Avant 1967, quand on entrait par la porte numéro 18, rue Donnacona, une sœur tourière se tenait derrière un œil-de-bœuf. Elle réceptionnait les lettres en les récupérant dans le sas rotatif. Au bout du hall se tenait la massive porte conventuelle. Sa poignée se trouvait du côté du cloitre, à l’abri des regards, là où le silence et l’intimité avec Dieu y règnent dans la clémence. 

Photo : Sarah-Christine Bourihane

On comprendra que l’arrivée de l’édifice Price en 1929 n’est pas bienvenue. Ce mastodonte de 18 étages, symbole de l’impérialisme anglais, menace de faire de l’ombre à la vie de quartier et de nuire à la conservation de la vieille ville. Mais surtout, cet imposant gratte-ciel fait intrusion dans le cloitre des sœurs contemplatives, indispensable au respect de leurs vœux : huit de ses fenêtres surplombent leur jardin, leur principal moyen de subsistance.

Les religieuses ne se laisseront pas faire. Les bonnes sœurs ont bien le sens des affaires. Elles exigent du propriétaire que les fenêtres soient givrées et impossibles à ouvrir.
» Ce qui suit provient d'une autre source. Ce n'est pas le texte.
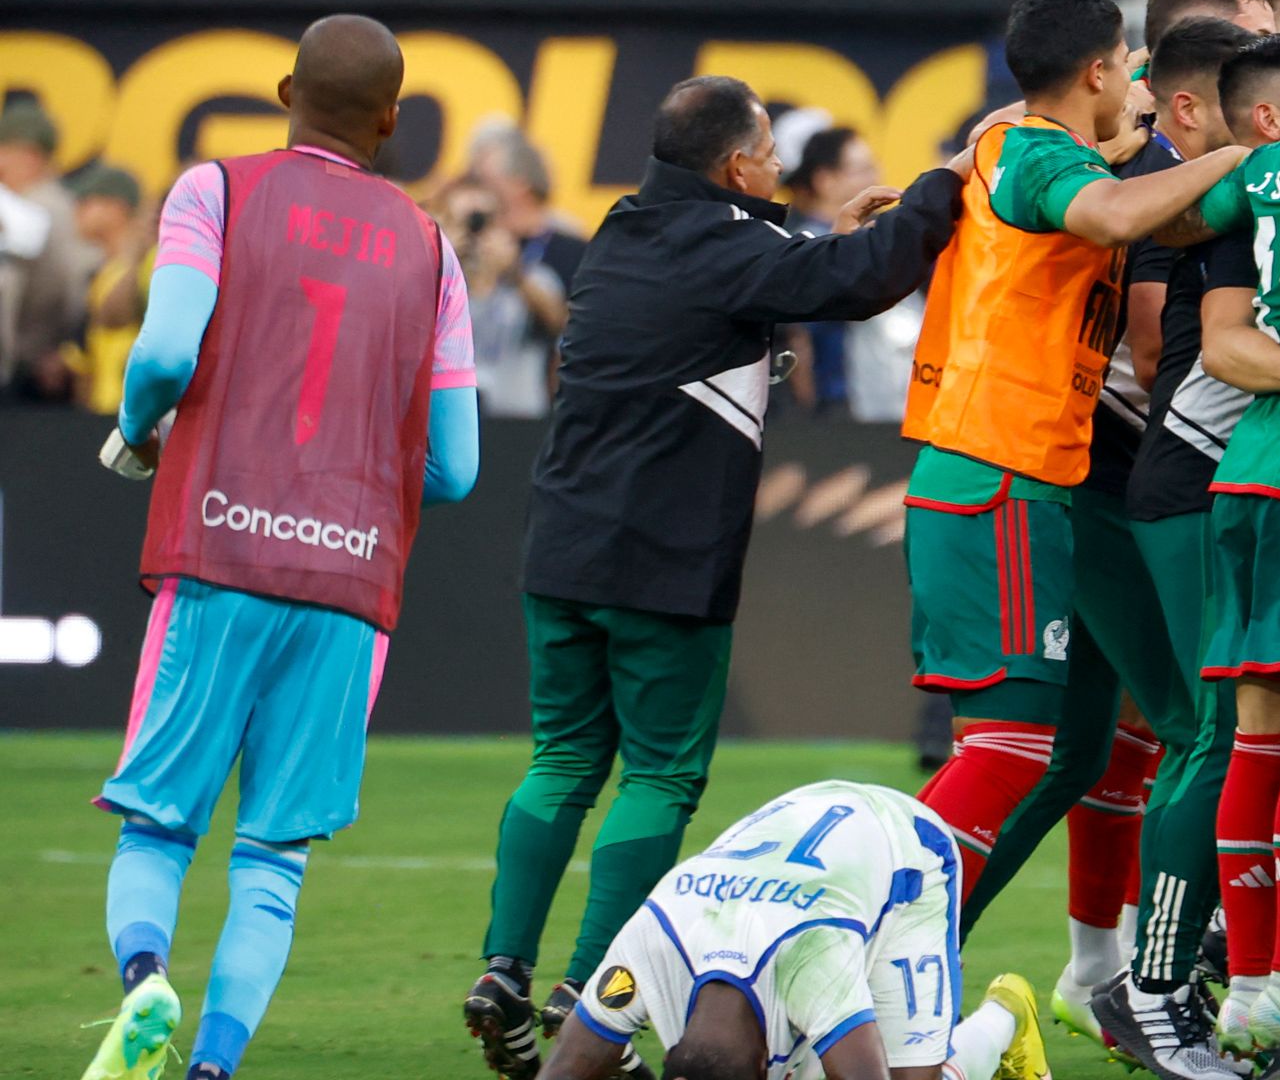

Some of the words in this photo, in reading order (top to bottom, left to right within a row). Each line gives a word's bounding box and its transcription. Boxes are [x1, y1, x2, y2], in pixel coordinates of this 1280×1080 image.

De plus, elles demandent une rétribution de 80 $ par année, somme non négligeable à l’époque. Si une des conditions était brisée, les Ursulines s’octroyaient le droit de condamner les fenêtres et d’envoyer la facture à l’édifice Price. 

Enseigner les mœurs et l’intelligence

Tout autour de l’enceinte entourant le monastère, les maisons évoquent le passage des pensionnaires, au cœur de leur mission de bâtisseuses en éducation. D’ailleurs, les religieuses ont professé un quatrième vœu, celui de leur instruction. 

Les cinq logements sur la rue Sainte-Anne ont été construits par les Ursulines pour accueillir des familles de pensionnaires. Un indice de parenté nous l’indique : le style architectural est identique à celui des ailes de leur monastère. La porte-cochère — servant à accueillir les calèches — en montre l’ancienneté.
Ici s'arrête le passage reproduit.